AIM OF THE EXERCISE: Your task is to repeat the entries underneath exactly, minus the pictures.

[Stored items]
^^^^^^^^

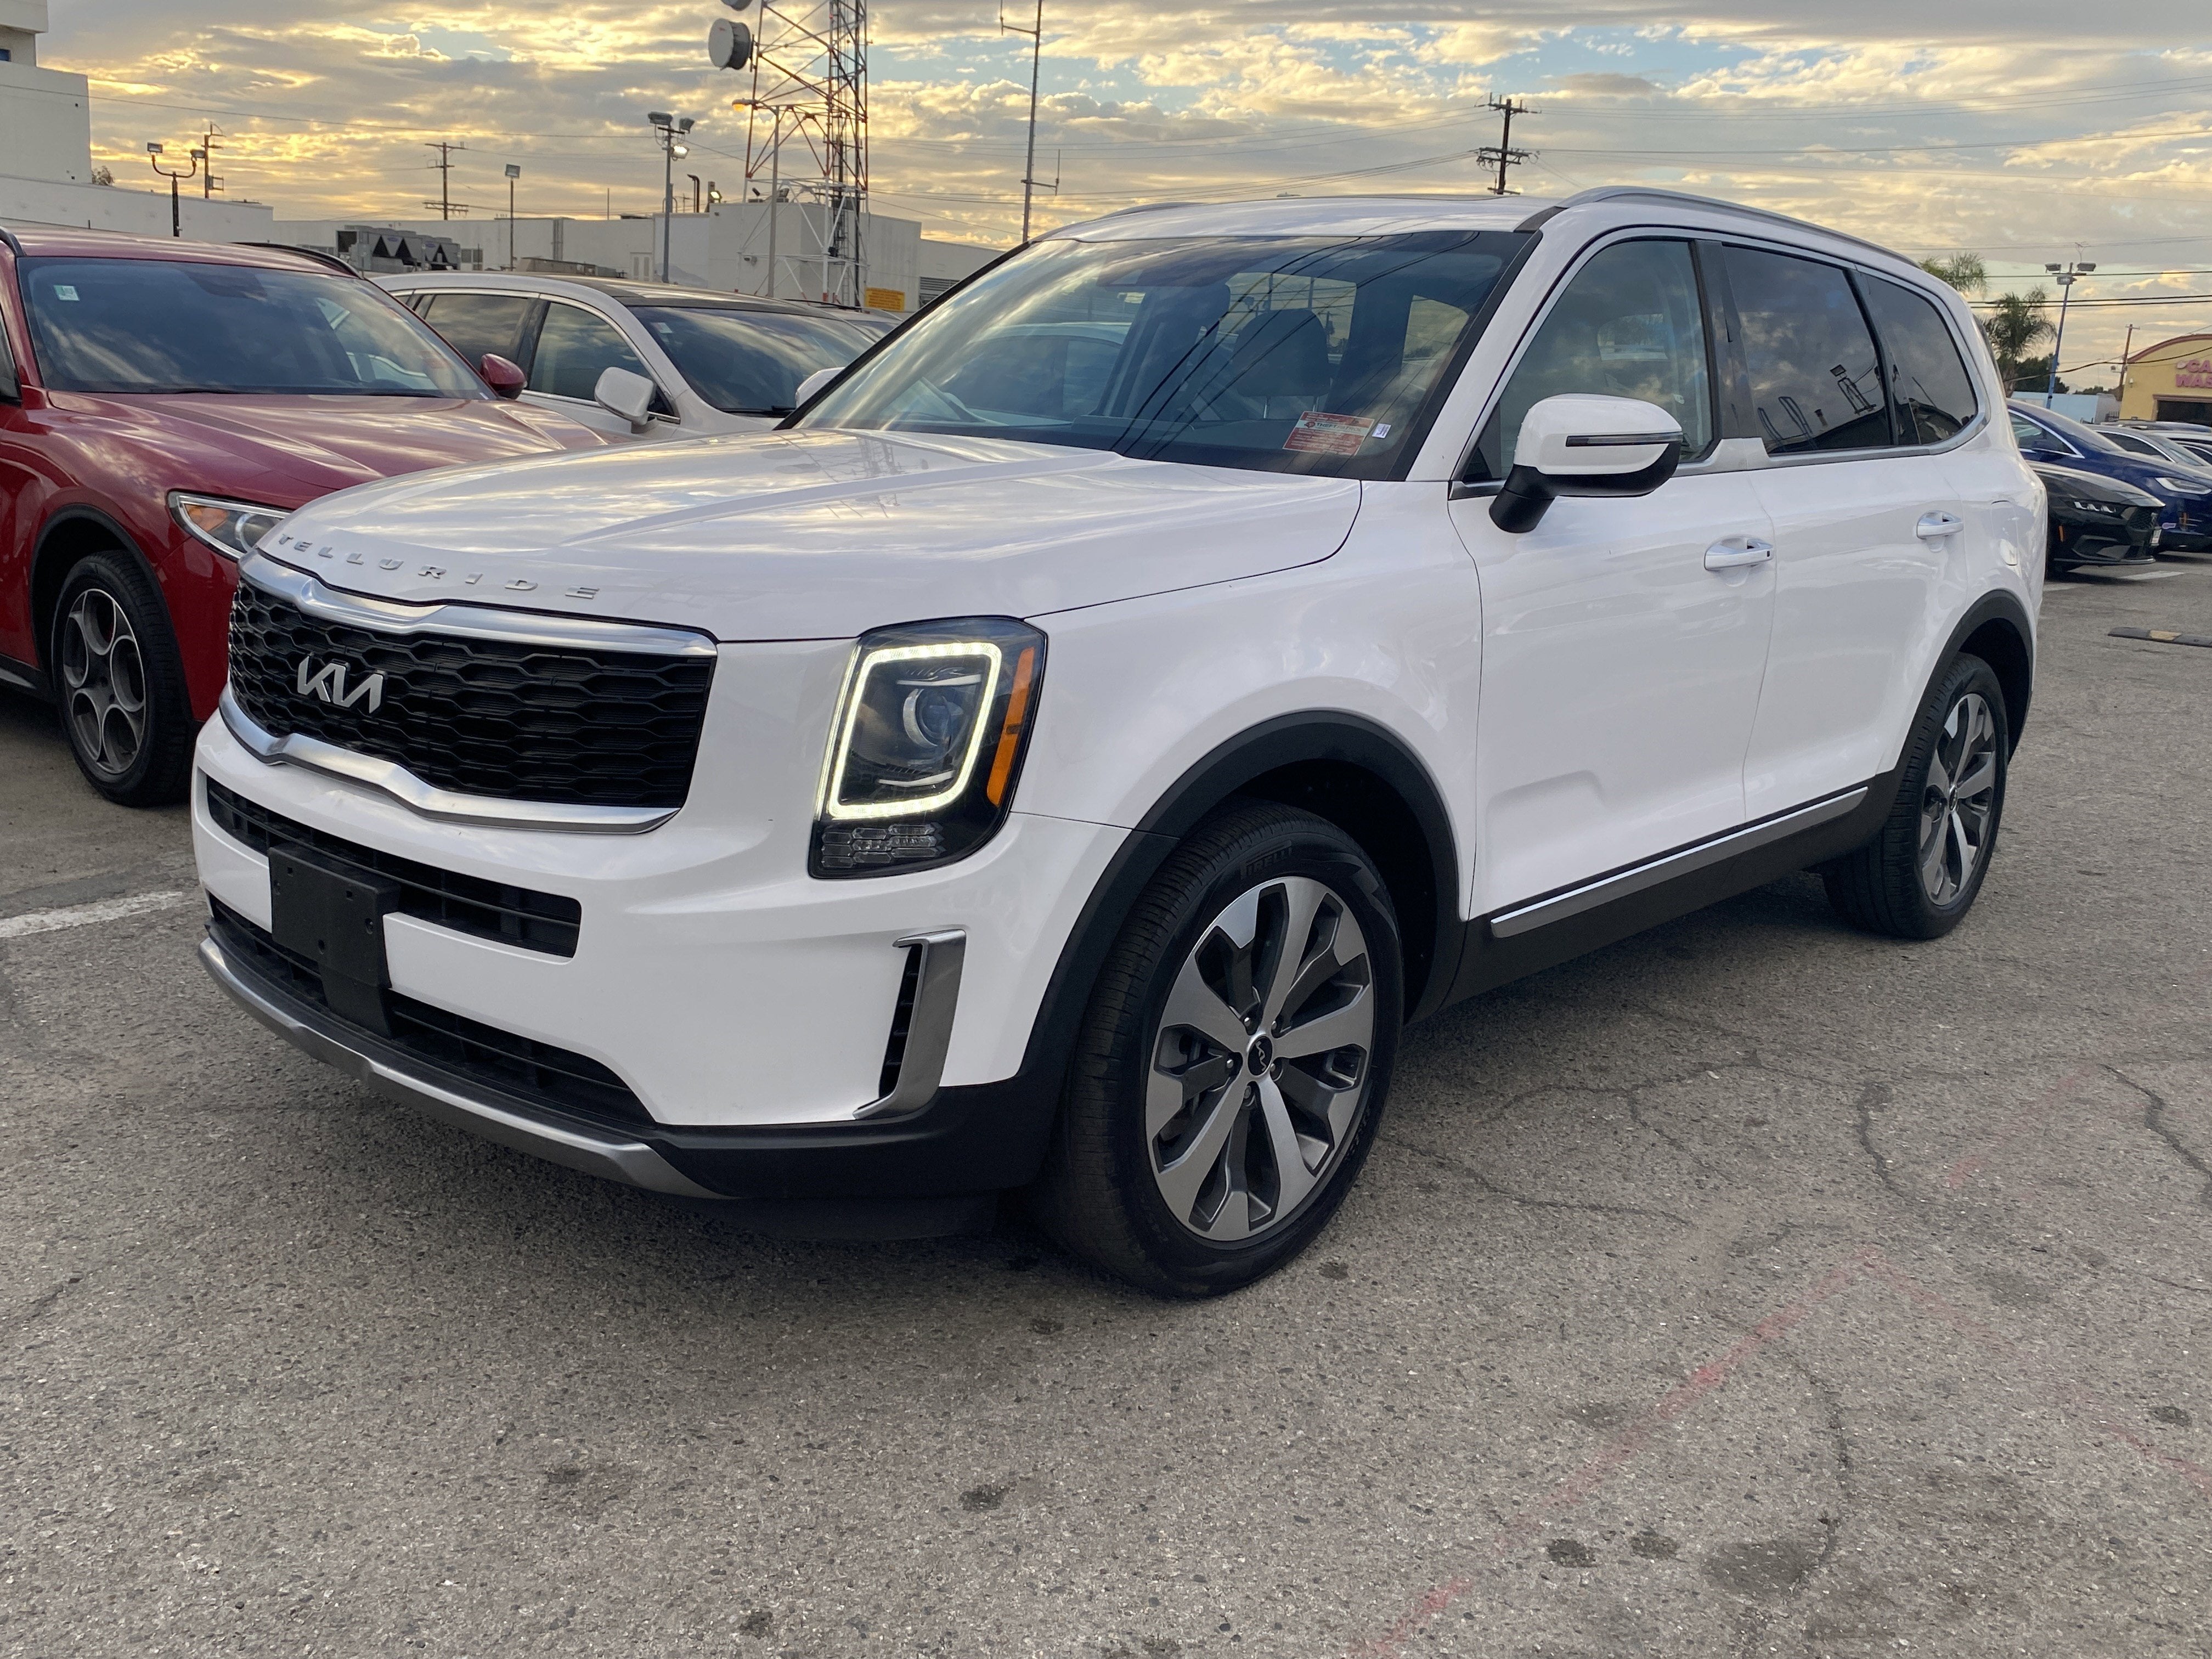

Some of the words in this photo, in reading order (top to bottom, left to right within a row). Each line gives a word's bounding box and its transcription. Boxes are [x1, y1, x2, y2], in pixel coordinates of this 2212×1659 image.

[1317, 422, 1361, 433] THEFTTROL
[279, 534, 600, 600] TELLURIDE
[297, 654, 384, 714] KIA
[1240, 839, 1292, 880] PIRELLI
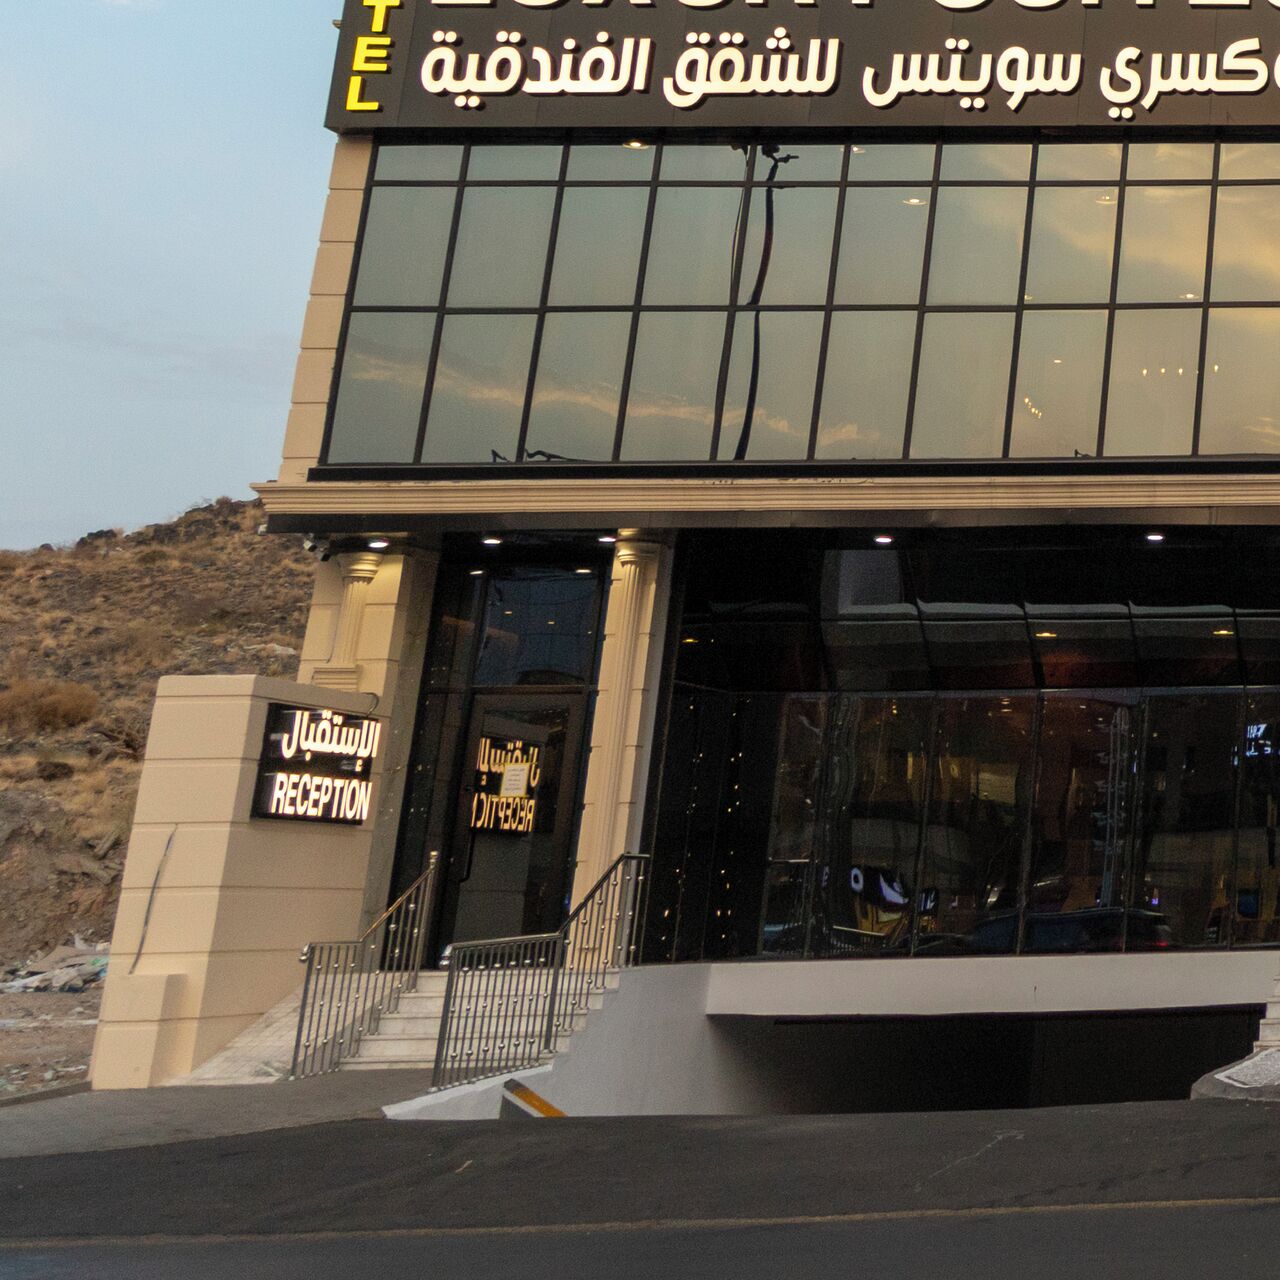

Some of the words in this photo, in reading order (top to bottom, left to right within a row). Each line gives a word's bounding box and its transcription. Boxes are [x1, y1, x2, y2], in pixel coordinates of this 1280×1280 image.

[420, 30, 651, 109] الفندقية
[662, 26, 839, 109] للشقق
[862, 37, 1082, 110] سويتس
[281, 709, 382, 772] الإستقبال
[270, 773, 373, 821] RECEPTION
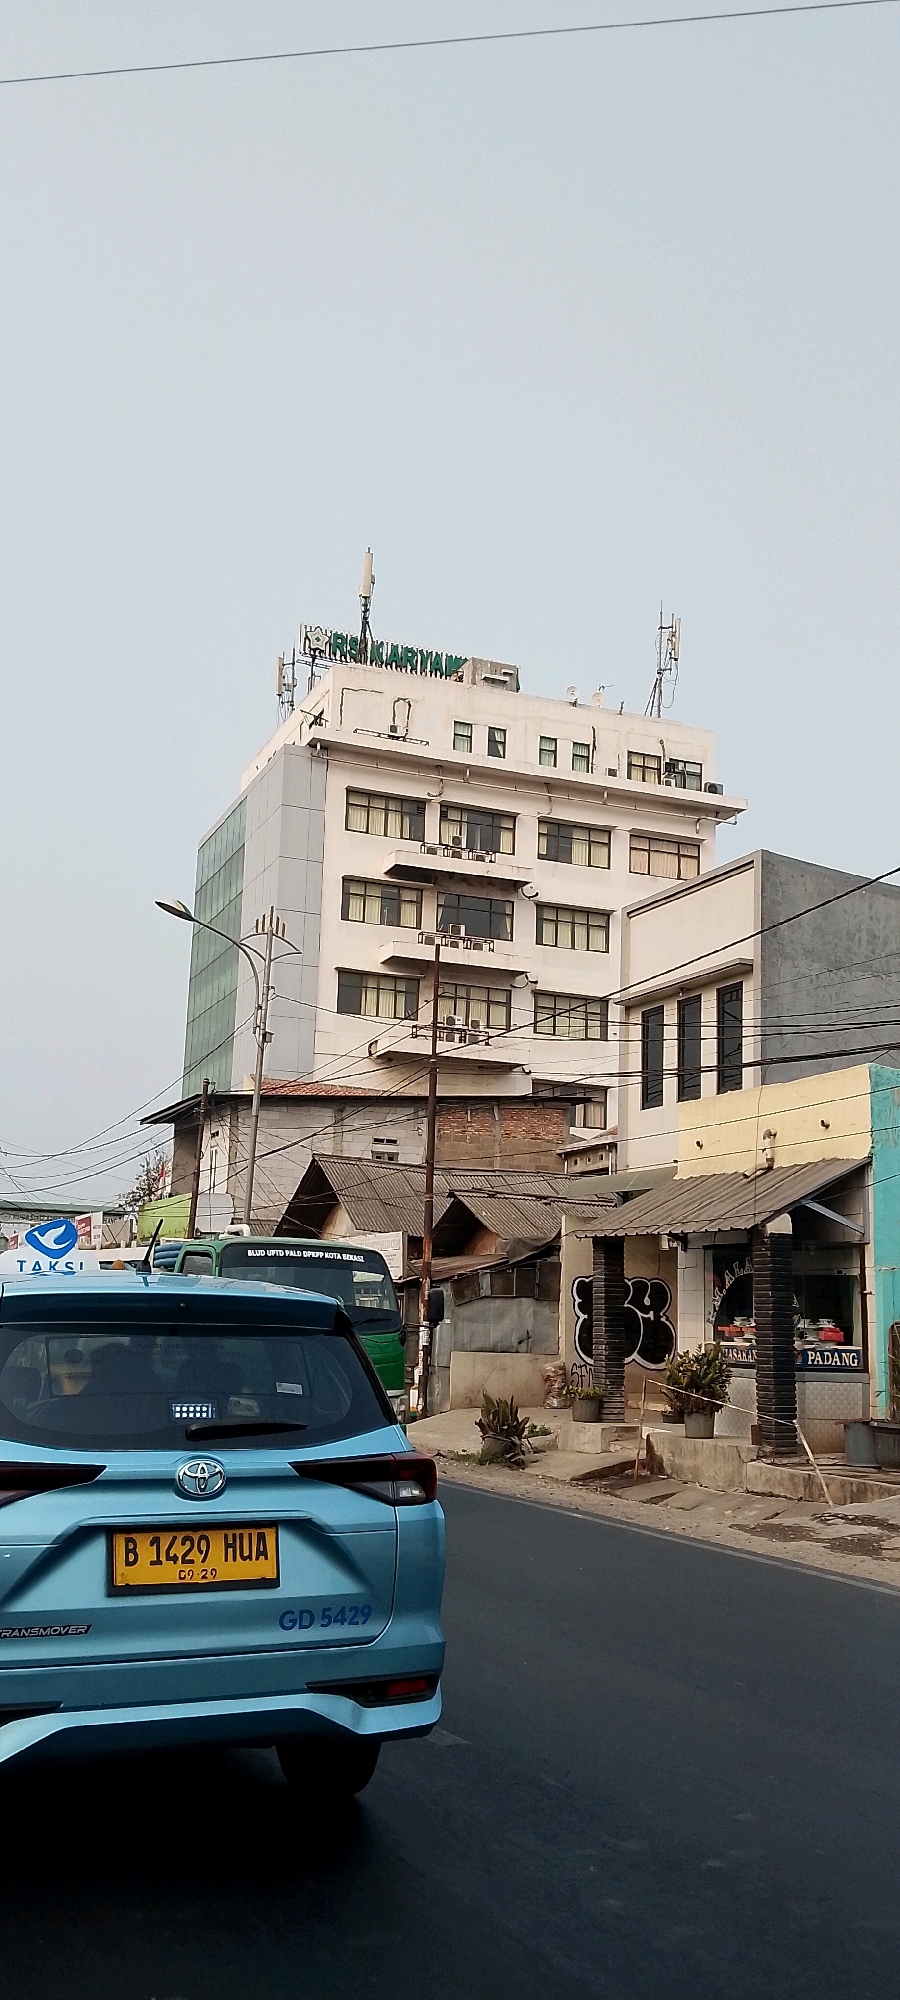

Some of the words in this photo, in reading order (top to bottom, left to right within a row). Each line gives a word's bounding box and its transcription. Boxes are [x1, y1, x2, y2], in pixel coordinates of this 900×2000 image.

[332, 632, 359, 659] RS
[17, 1260, 84, 1272] TAKSI
[247, 1249, 265, 1257] BLUD
[285, 1250, 302, 1258] PALD
[325, 1252, 342, 1260] KOTA
[342, 1253, 365, 1263] BEKASI
[807, 1351, 858, 1366] PADANG
[124, 1537, 139, 1567] B
[149, 1534, 211, 1566] 1429
[224, 1532, 269, 1562] HUA
[279, 1609, 315, 1631] GD
[320, 1604, 373, 1627] 5429

^^^^^^^^

RESULT FOR THIS TASK:
Some of the words in this photo, in reading order (top to bottom, left to right within a row). Each line gives a word's bounding box and its transcription. Boxes are [x1, y1, x2, y2], in pixel coordinates of this 2212×1659 image.

[1317, 422, 1361, 433] THEFTTROL
[279, 534, 600, 600] TELLURIDE
[297, 654, 384, 714] KIA
[1240, 839, 1292, 880] PIRELLI

Some of the words in this photo, in reading order (top to bottom, left to right within a row). Each line gives a word's bounding box and its transcription. Boxes are [x1, y1, x2, y2], in pixel coordinates of this 1280×1280 image.

[420, 30, 651, 109] الفندقية
[662, 26, 839, 109] للشقق
[862, 37, 1082, 110] سويتس
[281, 709, 382, 772] الإستقبال
[270, 773, 373, 821] RECEPTION

Some of the words in this photo, in reading order (top to bottom, left to right within a row). Each line gives a word's bounding box and its transcription. Boxes are [x1, y1, x2, y2], in pixel coordinates of this 900×2000 image.

[332, 632, 359, 659] RS
[17, 1260, 84, 1272] TAKSI
[247, 1249, 265, 1257] BLUD
[285, 1250, 302, 1258] PALD
[325, 1252, 342, 1260] KOTA
[342, 1253, 365, 1263] BEKASI
[807, 1351, 858, 1366] PADANG
[124, 1537, 139, 1567] B
[149, 1534, 211, 1566] 1429
[224, 1532, 269, 1562] HUA
[279, 1609, 315, 1631] GD
[320, 1604, 373, 1627] 5429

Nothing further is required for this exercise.